(Work item)
Give a faithful, exact copy of all entries, minus the images.

(Source material)

- Opening Delimiter -

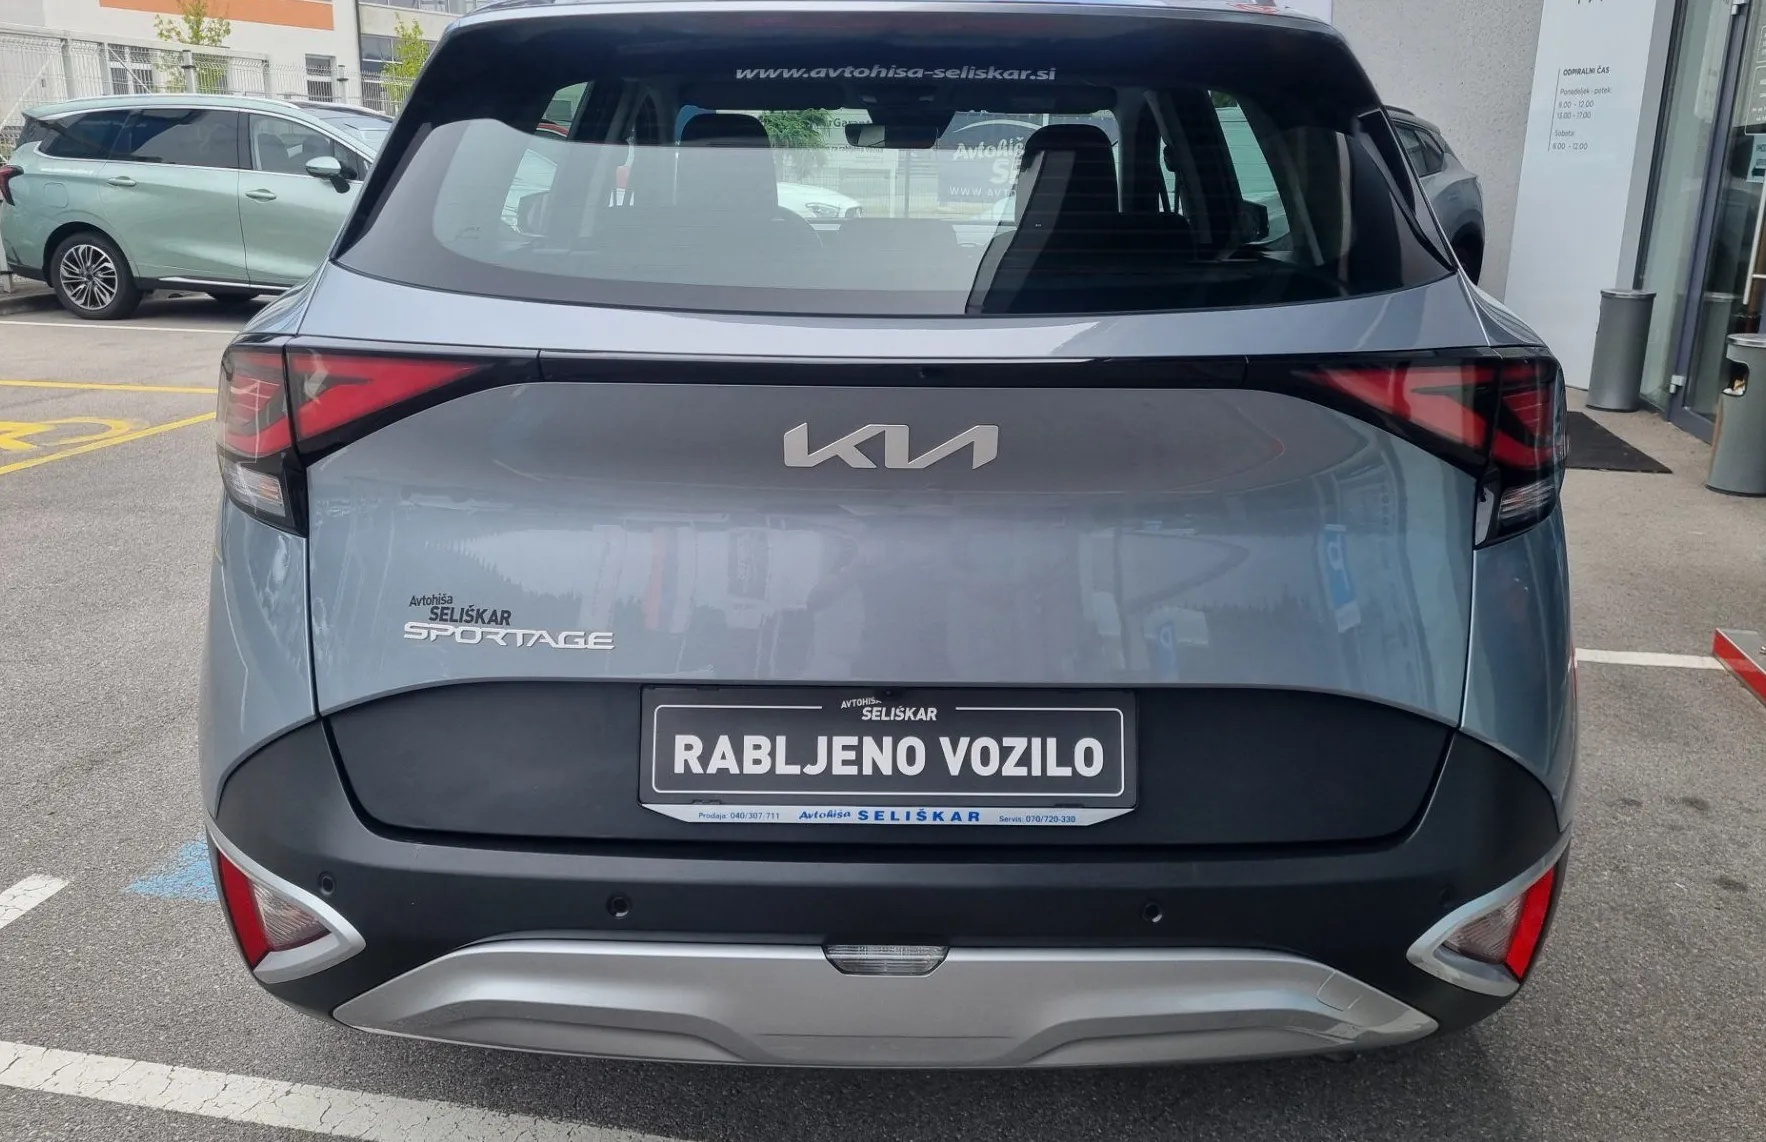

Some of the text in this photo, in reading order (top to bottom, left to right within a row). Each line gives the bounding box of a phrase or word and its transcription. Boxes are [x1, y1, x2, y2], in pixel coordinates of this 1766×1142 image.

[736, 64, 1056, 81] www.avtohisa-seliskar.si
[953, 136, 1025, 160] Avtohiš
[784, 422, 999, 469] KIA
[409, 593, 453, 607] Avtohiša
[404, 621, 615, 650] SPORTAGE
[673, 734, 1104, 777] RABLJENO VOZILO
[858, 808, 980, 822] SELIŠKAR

- Closing Delimiter -

(Result of the exercise)
Some of the text in this photo, in reading order (top to bottom, left to right within a row). Each line gives the bounding box of a phrase or word and its transcription. Boxes are [x1, y1, x2, y2], in pixel coordinates of this 1766×1142 image.

[736, 64, 1056, 81] www.avtohisa-seliskar.si
[953, 136, 1025, 160] Avtohiš
[784, 422, 999, 469] KIA
[409, 593, 453, 607] Avtohiša
[404, 621, 615, 650] SPORTAGE
[673, 734, 1104, 777] RABLJENO VOZILO
[858, 808, 980, 822] SELIŠKAR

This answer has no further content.